The proliferation of widgets – mini-programs, often with a novelty aspect, that people interact with through social networking sites – is giving rise to a second tier of services to help distribute and manage them.
ClickZ reports that a US company called Gigya has emerged specialising in widget distribution. Many widgets are commissioned by companies as advertising tools, hoping that their brand will benefit from association with a creative or quirky widget.
Gigya specialises in getting widgets to customers and generating the hype that can help a widget stand out from the pack and gain a following among the hundreds of millions of social networkers around the world.
“It’s a bit of myth that widgets are inherently viral. What we offer is an incremental way of seeding a viral campaign,” Liza Hausman, Gigya’s marketing VP, told ClickZ. “Only a small handful of these things are so compelling that everybody shares them with their entire networks.”

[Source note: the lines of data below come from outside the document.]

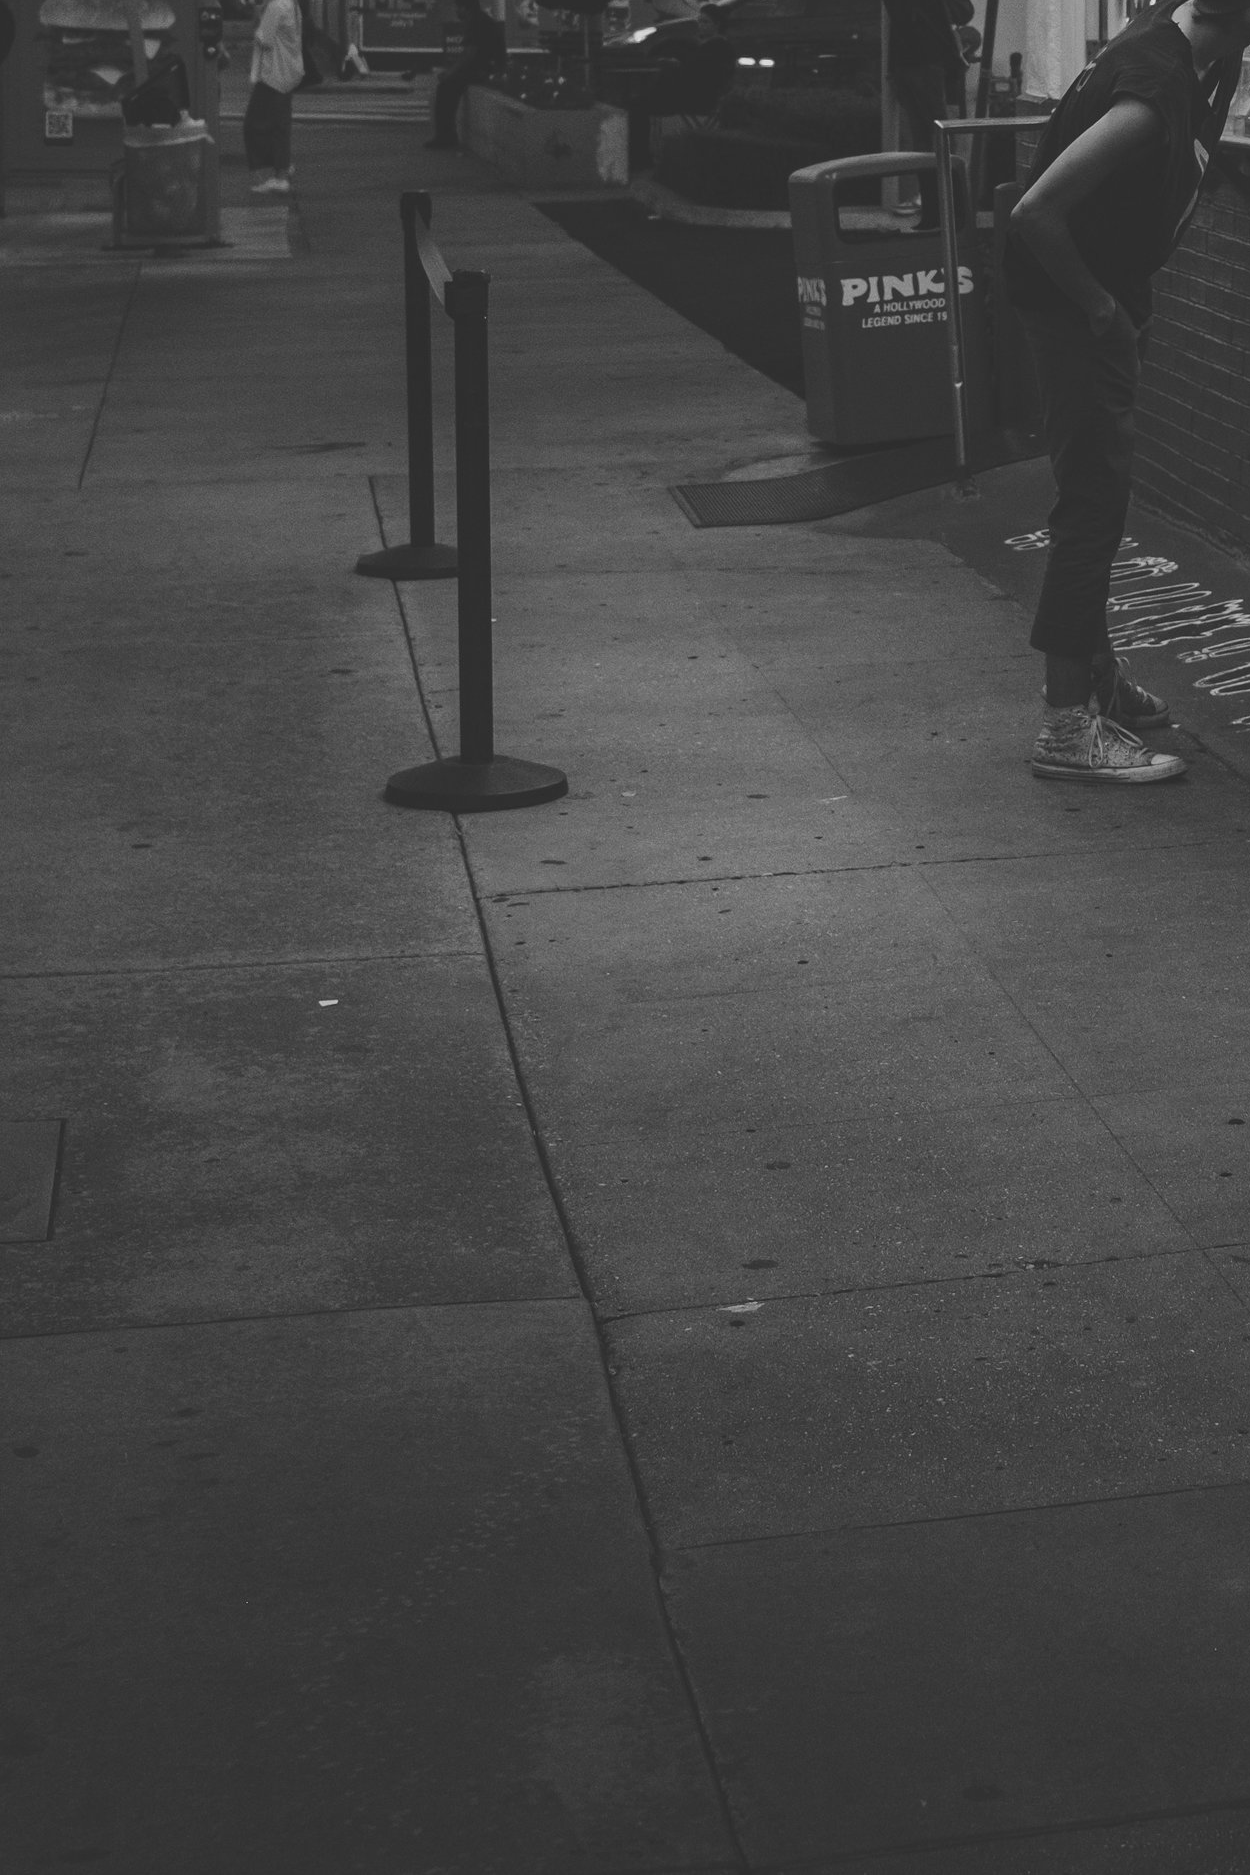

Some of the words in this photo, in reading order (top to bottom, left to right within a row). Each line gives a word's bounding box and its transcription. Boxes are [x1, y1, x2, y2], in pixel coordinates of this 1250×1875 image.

[840, 266, 975, 307] PINK'S
[873, 303, 881, 314] A
[883, 298, 946, 313] HOLLYWOOD
[861, 315, 902, 329] LEGEND
[904, 312, 935, 324] SINCE
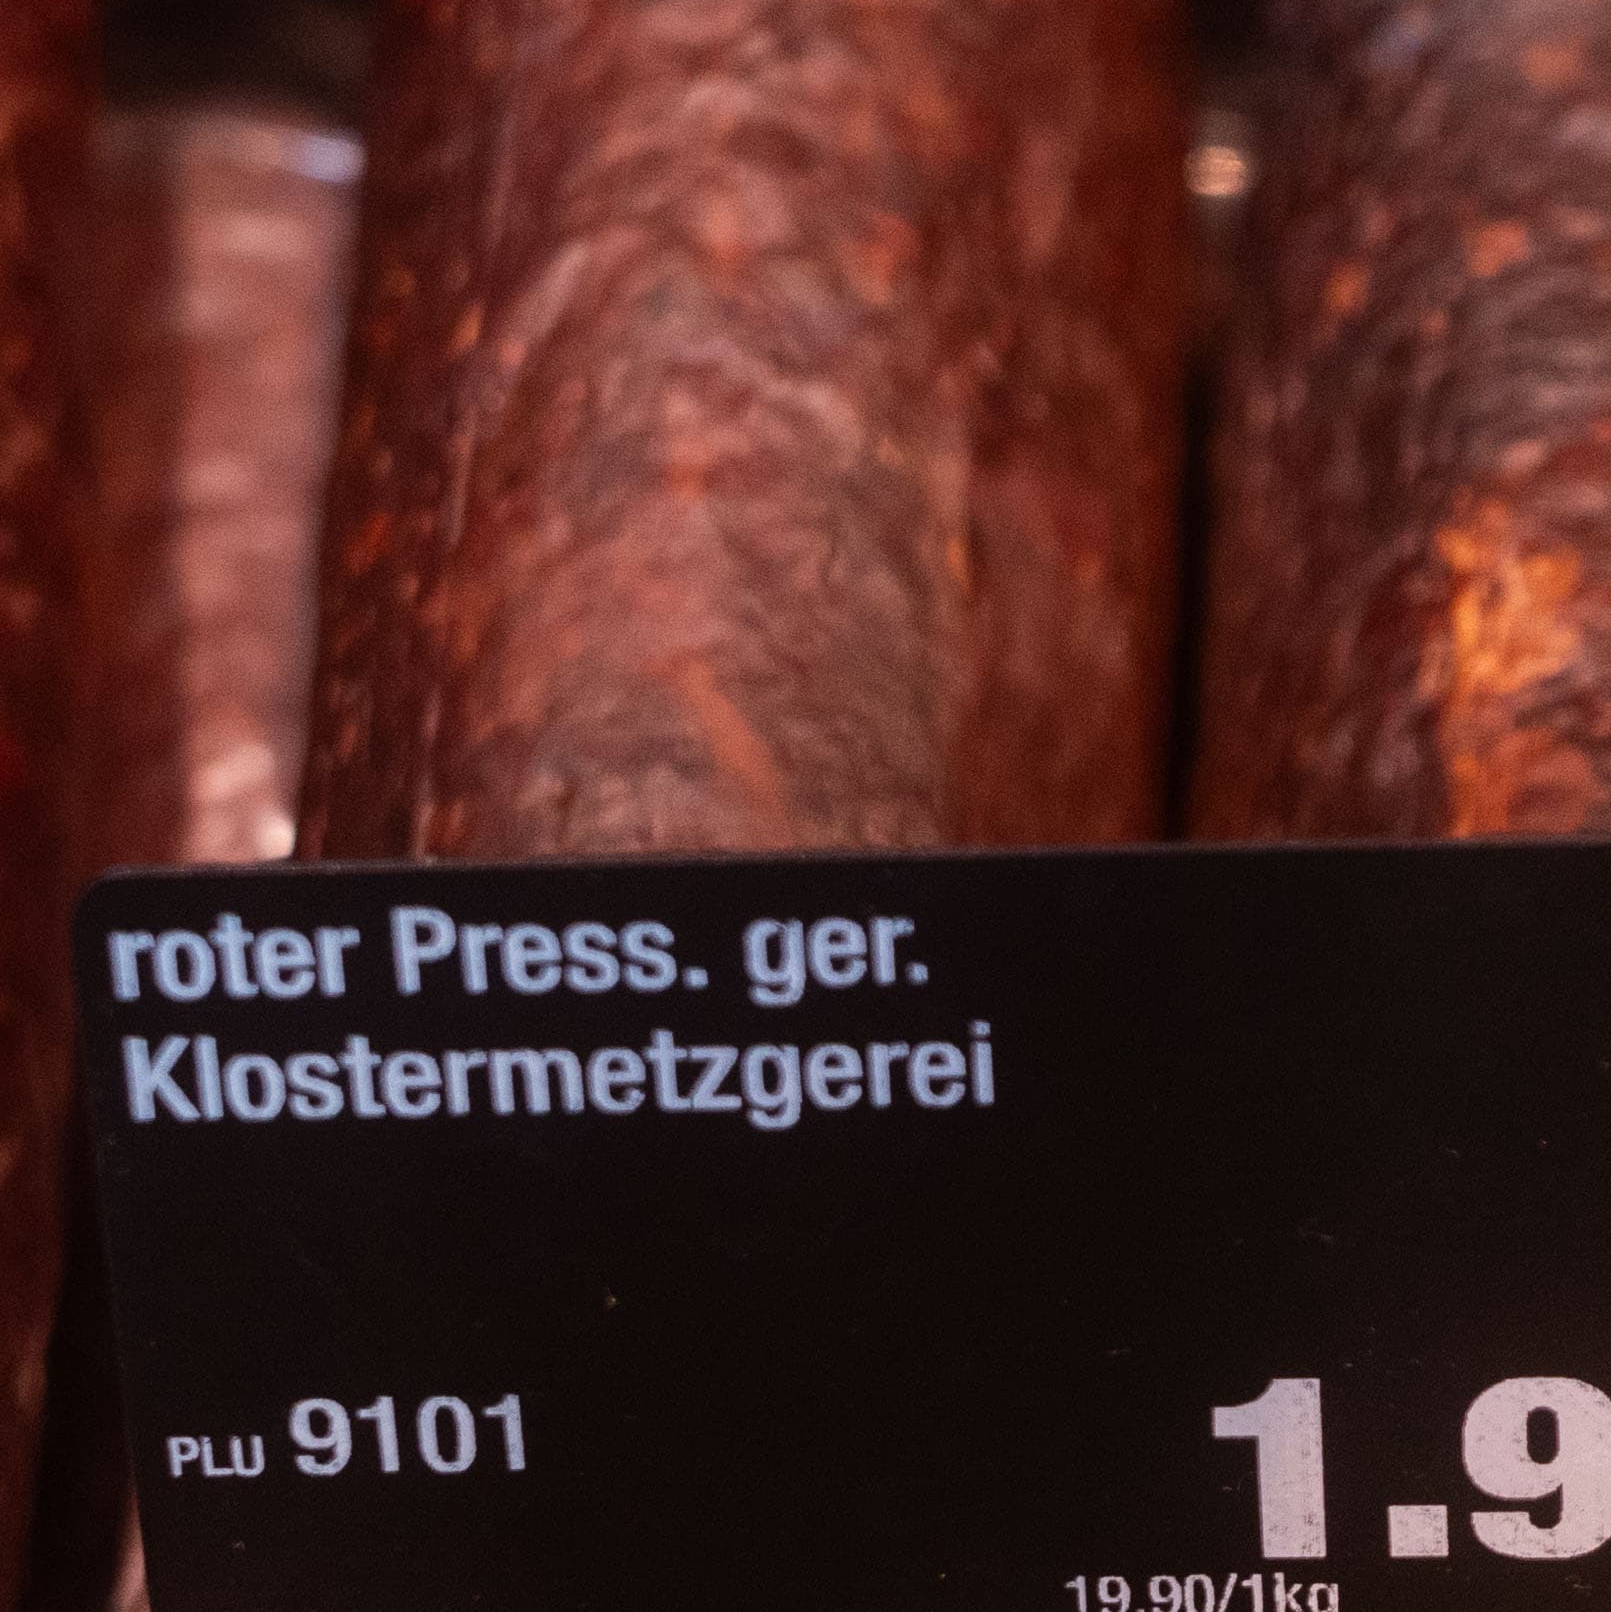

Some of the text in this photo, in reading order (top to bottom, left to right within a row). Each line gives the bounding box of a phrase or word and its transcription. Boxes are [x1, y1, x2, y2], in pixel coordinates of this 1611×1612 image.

[108, 906, 929, 1007] roter Press. ger.
[122, 1020, 995, 1131] Klostermetzgerei
[166, 1394, 527, 1478] PLU 9101

But the rise of widgets – also known as “apps” – is also creating a new problem in the social network world; widget clutter. Apparently people on sites such as Facebook are now finding that they have agreed to download so many apps on to their page that it is taking too long to load and becoming hard to navigate.
According to webpronews, Facebook is planning to introduce a new function that will help people get rid of unused apps. They can either tuck them away to an offscreen portion of their profile, or, if they are unused for an extended period, deleted.
On the Facebook developers blog, Julie Zhuo says: “We believe this change will allow users to interact with all of their applications in a more meaningful way. In addition to allowing the profile page to load faster, this means users will have an easy way to publicly acknowledge their favourite applications.”